HEM YER ALTINDA HEM YER ÜSTÜNDE ŞEHİRLER VAR
Coşkun, tapınağın genişliğinin 35 metrekare, yüksekliğinin 2,5 metre olduğunu belirterek, tapınakların yerin altında inşa edilmesi bakımından genellikle çok büyük yapılar olmadığını kaydetti.
"Kaledeki kazılar, bölgenin Roma dönemindeki tarihinin aydınlatılması açısından oldukça önemli. Kalenin hem bölge tarihine hem de turizmine önemli etkileri olacaktır." diyen Coşkun, kilit noktada bulunduğu için yapılarda fazla bozulma olmadığını, kalede hem yerin altında hem de üstünde bir şehir bulunduğunu aktardı.
İl Kültür ve Turizm Müdürü Cemil Alp ise bu kazılar sonucu bulunan eserler sayesinde geçmişe dair verilerin elde edildiğini ifade ederek, bölgede bu eserlerin ortaya çıkarılmasıyla turizm patlaması yaşanacağını düşündüklerini belirtti.
ZERZEVAN KALESİ
Askeri yerleşim antik yol güzergahında, 124 metre yükseklikteki kayalık bir tepenin üzerine kurulan Zerzevan Kalesi, Amida ile Dara arasında stratejik bir noktada yer alıyor. Yerleşim konumu itibariyle bütün vadiye hakim, antik ticaret yolu üzerinde, geniş bir alanı kontrol altında tutan, stratejik bir Roma sınır garnizonu olan kale aynı zamanda Roma-Sasani arasındaki büyük mücadelelere de sahne oldu.

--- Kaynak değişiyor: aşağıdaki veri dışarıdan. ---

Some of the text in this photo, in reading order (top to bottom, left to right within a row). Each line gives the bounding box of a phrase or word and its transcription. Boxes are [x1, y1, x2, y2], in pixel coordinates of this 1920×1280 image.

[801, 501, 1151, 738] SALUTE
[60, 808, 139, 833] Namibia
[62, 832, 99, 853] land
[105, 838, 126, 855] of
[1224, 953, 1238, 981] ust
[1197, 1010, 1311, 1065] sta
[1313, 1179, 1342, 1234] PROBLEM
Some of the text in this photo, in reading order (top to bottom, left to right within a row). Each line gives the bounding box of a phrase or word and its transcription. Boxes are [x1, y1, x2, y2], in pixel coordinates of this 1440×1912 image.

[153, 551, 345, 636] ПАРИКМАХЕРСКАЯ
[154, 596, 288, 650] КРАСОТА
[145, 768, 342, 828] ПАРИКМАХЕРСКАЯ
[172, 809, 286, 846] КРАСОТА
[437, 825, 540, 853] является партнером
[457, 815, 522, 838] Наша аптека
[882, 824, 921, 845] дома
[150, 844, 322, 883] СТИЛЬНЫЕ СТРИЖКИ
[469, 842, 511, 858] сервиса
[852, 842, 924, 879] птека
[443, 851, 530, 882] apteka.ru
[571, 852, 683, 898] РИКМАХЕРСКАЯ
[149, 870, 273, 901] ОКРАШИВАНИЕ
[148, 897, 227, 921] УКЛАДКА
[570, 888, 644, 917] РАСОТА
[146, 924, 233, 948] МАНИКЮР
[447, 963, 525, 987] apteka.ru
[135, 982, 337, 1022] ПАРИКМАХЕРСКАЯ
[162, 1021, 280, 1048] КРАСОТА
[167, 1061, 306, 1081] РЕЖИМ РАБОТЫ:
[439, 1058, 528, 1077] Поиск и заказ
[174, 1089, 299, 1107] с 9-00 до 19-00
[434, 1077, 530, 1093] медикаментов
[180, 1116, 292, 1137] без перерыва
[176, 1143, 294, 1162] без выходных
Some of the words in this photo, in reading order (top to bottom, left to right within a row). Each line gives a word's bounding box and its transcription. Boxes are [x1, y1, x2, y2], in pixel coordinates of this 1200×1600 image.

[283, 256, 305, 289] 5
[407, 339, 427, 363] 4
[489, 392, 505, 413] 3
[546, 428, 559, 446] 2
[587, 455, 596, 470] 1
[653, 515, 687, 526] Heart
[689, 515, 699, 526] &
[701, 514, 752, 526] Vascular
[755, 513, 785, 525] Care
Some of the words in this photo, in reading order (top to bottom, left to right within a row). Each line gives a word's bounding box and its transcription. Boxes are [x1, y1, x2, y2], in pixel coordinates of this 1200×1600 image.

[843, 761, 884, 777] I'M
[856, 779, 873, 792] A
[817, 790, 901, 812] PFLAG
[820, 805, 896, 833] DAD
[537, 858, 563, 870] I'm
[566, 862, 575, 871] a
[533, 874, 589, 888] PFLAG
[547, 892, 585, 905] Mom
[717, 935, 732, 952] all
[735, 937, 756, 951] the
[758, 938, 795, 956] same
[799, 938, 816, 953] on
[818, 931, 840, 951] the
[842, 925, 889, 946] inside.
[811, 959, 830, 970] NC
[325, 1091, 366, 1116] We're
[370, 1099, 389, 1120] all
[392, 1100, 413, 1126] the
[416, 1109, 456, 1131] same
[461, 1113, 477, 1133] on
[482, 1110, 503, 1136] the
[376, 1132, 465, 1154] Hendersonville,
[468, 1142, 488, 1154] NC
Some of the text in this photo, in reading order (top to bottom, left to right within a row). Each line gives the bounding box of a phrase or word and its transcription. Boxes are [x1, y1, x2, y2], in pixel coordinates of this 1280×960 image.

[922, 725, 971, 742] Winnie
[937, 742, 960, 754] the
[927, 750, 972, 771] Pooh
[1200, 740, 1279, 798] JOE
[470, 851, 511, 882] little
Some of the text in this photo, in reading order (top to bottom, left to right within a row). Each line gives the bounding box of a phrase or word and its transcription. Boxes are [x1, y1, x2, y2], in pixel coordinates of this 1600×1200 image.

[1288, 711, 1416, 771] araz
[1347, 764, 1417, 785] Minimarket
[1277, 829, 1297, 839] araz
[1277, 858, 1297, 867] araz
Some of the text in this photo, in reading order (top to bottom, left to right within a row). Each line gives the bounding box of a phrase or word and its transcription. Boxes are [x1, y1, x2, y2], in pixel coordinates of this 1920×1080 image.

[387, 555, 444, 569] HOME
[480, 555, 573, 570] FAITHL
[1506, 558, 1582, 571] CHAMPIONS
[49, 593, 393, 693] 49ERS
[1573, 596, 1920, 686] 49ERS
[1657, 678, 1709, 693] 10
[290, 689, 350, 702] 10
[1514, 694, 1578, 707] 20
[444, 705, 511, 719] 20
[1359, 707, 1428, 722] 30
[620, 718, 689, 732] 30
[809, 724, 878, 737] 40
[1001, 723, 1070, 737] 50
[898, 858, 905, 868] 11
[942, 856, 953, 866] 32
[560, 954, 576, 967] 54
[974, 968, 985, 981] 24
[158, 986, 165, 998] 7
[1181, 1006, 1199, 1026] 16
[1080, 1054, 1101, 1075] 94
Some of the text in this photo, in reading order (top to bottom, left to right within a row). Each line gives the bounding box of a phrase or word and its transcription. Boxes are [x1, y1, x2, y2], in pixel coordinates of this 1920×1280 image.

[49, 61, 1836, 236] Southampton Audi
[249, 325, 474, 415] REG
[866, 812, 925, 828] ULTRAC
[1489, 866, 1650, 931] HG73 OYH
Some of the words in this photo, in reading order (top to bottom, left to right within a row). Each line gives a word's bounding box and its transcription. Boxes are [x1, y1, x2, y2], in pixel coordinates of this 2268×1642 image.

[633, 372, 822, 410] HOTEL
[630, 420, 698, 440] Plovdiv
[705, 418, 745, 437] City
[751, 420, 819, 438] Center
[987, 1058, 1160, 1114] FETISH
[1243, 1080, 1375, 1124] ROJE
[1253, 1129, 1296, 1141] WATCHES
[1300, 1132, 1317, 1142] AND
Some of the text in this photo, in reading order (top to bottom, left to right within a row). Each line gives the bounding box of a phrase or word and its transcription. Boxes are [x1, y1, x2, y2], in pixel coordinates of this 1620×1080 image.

Roma'daki ismi "Samachi" olan yerleşimin ilk inşa edildiği dönem kesin olmamakla birlikte devam eden kazılar ile kesin sonuçlara ulaşılacak. Yerleşimin surları ve yapıları Anastasios I (M.S. 491-518) ve Justinianos I (M.S. 527-565) dönemlerinde onarılarak, bazıları ise yeniden inşa edilerek mevcut haline getirildi.